25 Jahre und nicht müde

25 Jahre und nicht müde

Norbert Miebach, Dirigent der „Interessengemeinschaft Musik“ (IGM), ist auch nach 25 Jahren nicht müde – im Gegenteil. Für das 25 jährige Jubiläum des Musikorchesters hatte sich Miebach ein besonderes Ziel gesteckt. Mit dem 40 köpfigen Orchester spielte er ein höchst anspruchsvolles Konzert. Miebach präsentierte in knapp drei Stunden eine musikalische Bandbreite von „Fanfare“ bis zu Selections von „Mary Poppins“.

Beim neunminütigen Tubasolo in „Capriccio“ von Rodney Newton zeigte der Soloist Paul Lehnard sein Können. Das Publikum und seine Musikerkollegen applaudierten begeistert. Xylohonist Heinz Tillmann versetzte die Zuhörer mit dem Xylophonklassiker „Erinnerung an Zirkus Renz“ von Gustav Peter in eine Zirkusvorstellung. Virtuos ließ er die Schlägel über die Klangstäbe sausen.

Nach diesem genussvollen Musikprogramm war den Zuhörern eine kurze Pause gegönnt. Jetzt war Zeit für einen regen und begeisterten Austausch über die Musik. Bürgermeister Dr. Gero Karthaus freute sich sehr auf den zweiten Konzertteil. „Als Fan von Filmmusik ist das genau meine Musik“, meinte er. Karthaus zeigte sich beeindruckt über die Fanfare „Also sprach Zarathustra“ von Richard Strauss, mit der die „Interessengemeinschaft Musik“ (IGM) das Konzert eröffnet hatte.

Der zweite Konzertteil versprach genauso spannend zu werden wie der erste. „Müde“ – keine Spur, denn bei „Moment for Morricone“ von Ennio Morricone versetzte Miebach die Zuschauer in Gedanken in den weltbekannten Italo-Western „Spiel mir das Lied vom Tod“.

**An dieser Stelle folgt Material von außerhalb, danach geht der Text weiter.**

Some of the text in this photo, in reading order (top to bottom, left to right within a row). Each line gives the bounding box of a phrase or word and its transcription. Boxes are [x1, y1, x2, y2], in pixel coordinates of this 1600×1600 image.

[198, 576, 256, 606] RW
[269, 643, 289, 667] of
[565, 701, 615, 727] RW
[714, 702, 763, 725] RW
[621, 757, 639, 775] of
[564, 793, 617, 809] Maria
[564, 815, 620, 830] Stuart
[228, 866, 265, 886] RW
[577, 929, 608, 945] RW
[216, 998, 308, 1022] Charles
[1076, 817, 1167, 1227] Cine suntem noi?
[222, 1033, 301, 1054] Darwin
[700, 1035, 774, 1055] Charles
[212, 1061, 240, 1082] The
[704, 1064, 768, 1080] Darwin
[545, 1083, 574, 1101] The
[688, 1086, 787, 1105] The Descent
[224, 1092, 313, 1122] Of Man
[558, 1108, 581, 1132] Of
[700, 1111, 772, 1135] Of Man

Die „Interessengemeinschaft Musik“ (IGM) ist wahrlich „breit“ aufgestellt. Die jüngste Spielerin ist gerade mal halb so alt wie die „Interessengemeinschaft Musik“. Der älteste Musiker hat die sechzig bereits überschritten.

Die Harmonie und Herzlichkeit der Orchestergemeinschaft erfuhren die Zuschauer bei kleinen Ansprachen zwischen den Musikstücken. Norbert Miebach erhielt für seine 25jährigen Verdienste für die Leitung der „Interessengemeinschaft Musik“ einen Engelskirchener Engel. Beim Aufbau des Konzerts hatte Miebach mit dieser Lichtdekoration geliebäugelt wie Friedhelm Miebach schmunzelnd verriet. Das Orchester hatte sich überlegt, wie man dem langjährigen Dirigenten ein Geschenk für seine Verdienste übergeben könne ohne dass „der Chef“ dieses mitbekommen würde. So wurde das Geschenk kurzerhand in die Dekoration eingebaut. Diese kleine Anekdote verriet Friedhelm Miebach zur Freude des Publikums und des gerührten Norbert Miebach.

Abgerundet wurde das fast dreistündige Konzert mit einer vehement eingeforderten Zugabe. Die „Interessengemeinschaft Musik“ (IGM) lieferte diese mit Solist Jürgen Wunderlich – der Stimme aus dem Bergischen. Wunderlich hatte durch das Programm geführt und Erklärungen über die Musikstücke gegeben.